The defendant is charged in the indictment with violation of section 3893, Rev. St., as amended by the act of September 26, 1888, c. 1039, § 2, 25 Stat. 496 (U. S. Comp. St. 1901, p. 2658), for sending through the mails an obscene, lewd, and lascivious-letter which was addressed to his wife. The demurrer raises the question whether such a letter sent by a man to his wife constitutes a violation of this statute. The contention on behalf of the defendant is that in view of the construction placed upon this statute by the Supreme Court in Swearingen v. United States, 161 U. S. 446, 451, 16 Sup. Ct. 562, 40 L. Ed. 765, where the court held that “the offense aimed at in that portion of the statute we are now considering was the use of the mails to circulate or deliver matter to corrupt the morals of the people. The words ‘obscene,’ ‘lewd,’-and ‘lascivious/ as used [701]*701in the statute, signify that form of immorality which has relation to sexual impurity, and have the same meaning as is given them at common law in prosecutions for obscene libel,” Congress could not have intended to include husband and wife, as at common law they were one; and for the further reason that no action or criminal prosecution would He for a libel of the wife by the husband. There is high authority for the latter proposition. Regina v. Lord Mayor, 16 Q. B. D. 772; State v. Edens, 95 N. C. 693, 59 Am. Rep. 294. But does the language used in the Swearingen Case apply to the entire act, or was it intended to apply only to the one part, of the act then under consideration, which was to ascertain the intent of Congress in the use of the words “every obscene, lewd, and lascivious book * * * or other publication of an indecent character” ? A careful reading of the opinion will show that the only question before the court was the latter, as appears from the quotation above. This also applies to numerous other cases in which the same conclusions were reached (Dunlop v. United States, 165 U. S. 486, 17 Sup. Ct. 375, 41 L. Ed. 799; United States v. Clarke [D. C.] 38 Fed. 732; United States v. Harmon [D. C.] 45 Fed. 414; United States v. Martin [D. C.] 50 Fed. 918; United States v. Moore [D. C.] 129 Fed. 159; Burton v. United Slates, 142 Fed. 57, 73 C. C. A. 243), in none of which was there any other question involved than what constitutes such literature as is prohibited by the statute. For this reason these cases are not authorities on the issue involved herein.
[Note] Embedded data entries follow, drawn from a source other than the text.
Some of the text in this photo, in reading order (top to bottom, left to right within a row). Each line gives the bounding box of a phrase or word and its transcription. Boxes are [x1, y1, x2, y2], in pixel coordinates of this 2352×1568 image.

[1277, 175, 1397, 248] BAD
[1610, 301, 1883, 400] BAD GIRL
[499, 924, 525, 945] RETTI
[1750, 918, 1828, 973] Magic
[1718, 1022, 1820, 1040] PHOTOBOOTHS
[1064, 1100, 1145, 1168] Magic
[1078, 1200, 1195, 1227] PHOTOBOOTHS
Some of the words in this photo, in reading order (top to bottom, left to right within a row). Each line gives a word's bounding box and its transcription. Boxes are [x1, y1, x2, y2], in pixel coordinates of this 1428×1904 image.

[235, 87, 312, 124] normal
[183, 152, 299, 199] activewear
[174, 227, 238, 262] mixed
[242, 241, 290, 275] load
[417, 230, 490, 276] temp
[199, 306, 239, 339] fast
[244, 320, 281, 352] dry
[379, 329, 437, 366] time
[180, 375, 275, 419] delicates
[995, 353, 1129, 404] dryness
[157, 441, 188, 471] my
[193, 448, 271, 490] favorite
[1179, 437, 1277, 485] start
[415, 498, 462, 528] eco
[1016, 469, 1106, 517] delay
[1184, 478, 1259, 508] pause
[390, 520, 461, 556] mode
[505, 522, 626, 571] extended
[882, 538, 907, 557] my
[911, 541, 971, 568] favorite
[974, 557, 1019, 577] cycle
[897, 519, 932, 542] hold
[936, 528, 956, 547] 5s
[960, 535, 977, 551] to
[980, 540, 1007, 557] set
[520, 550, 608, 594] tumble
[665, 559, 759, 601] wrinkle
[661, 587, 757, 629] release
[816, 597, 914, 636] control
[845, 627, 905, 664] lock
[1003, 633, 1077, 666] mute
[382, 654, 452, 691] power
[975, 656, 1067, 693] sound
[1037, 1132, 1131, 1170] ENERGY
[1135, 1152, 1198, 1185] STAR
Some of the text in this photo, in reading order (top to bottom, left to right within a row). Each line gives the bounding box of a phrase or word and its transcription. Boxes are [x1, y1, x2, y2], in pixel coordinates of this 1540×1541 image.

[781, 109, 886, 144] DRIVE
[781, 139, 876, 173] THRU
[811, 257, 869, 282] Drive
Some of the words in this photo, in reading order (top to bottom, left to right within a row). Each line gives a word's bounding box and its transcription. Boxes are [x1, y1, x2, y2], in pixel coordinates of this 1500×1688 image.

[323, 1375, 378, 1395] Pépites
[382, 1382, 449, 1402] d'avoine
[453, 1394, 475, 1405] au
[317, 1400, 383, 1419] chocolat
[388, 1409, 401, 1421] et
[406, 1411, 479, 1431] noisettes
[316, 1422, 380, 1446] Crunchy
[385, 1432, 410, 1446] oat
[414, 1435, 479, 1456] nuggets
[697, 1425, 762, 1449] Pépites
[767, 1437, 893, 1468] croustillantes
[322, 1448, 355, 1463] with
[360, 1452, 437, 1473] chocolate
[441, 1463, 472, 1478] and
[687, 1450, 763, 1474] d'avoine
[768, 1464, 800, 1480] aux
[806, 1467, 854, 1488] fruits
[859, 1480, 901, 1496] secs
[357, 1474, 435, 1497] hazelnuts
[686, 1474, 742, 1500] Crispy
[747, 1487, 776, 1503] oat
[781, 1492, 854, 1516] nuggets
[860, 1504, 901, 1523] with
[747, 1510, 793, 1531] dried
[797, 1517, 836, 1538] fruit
In the case at bar it is necessary to construe the entire act in order to determine the question raised by the demurrer. It is well settled that the power vested in Congress to establish post offices and post roads authorizes all measures necessary to secure the safe arid speedy transmission of the mails and a prompt delivery of its contents, as well as the power to prescribe what should be carried and what should be excluded. Ex parte Jackson, 96 U. S. 727, 732, 24 L. Ed. 877; In re Rapier, 143 U. S. 110, 134, 12 Sup. Ct. 374, 36 L. Ed. 93. In the last-cited case the court said:

“When the power to establish post offices and post roads was surrendered to the Congress it was as a complete power, and the grant carried with it the right to exercise all the powers which made that power effective. It is not necessary that Congress should have the power to deal with crime or immorality within the states in order to maintain that it possesses the power to forbid the use of the mails in aid of the perpetration of crime or immorality. The argument that there is a distinction between mala prohibit» and mala in se, and that Congress might forbid the use of the mails in promotion of such acts as are universally regarded as mala in se, including all such crimes as murder, arson, burglary, etc., and the offense of circulating obscene books and papers, but cannot do so in respect of other matters which it might regard as criminal or immoral, but which it has no power itself to prohibit, involves a concession which is fatal to the contention of the petitioners, since it would be for Congress to determine what are within and what, without the rule; but we think there is no room for such a distinction here, and that it must be left to Congress in the exercise of a sound discretion, to determine in what manner it will exercise the power it undoubtedly possesses.”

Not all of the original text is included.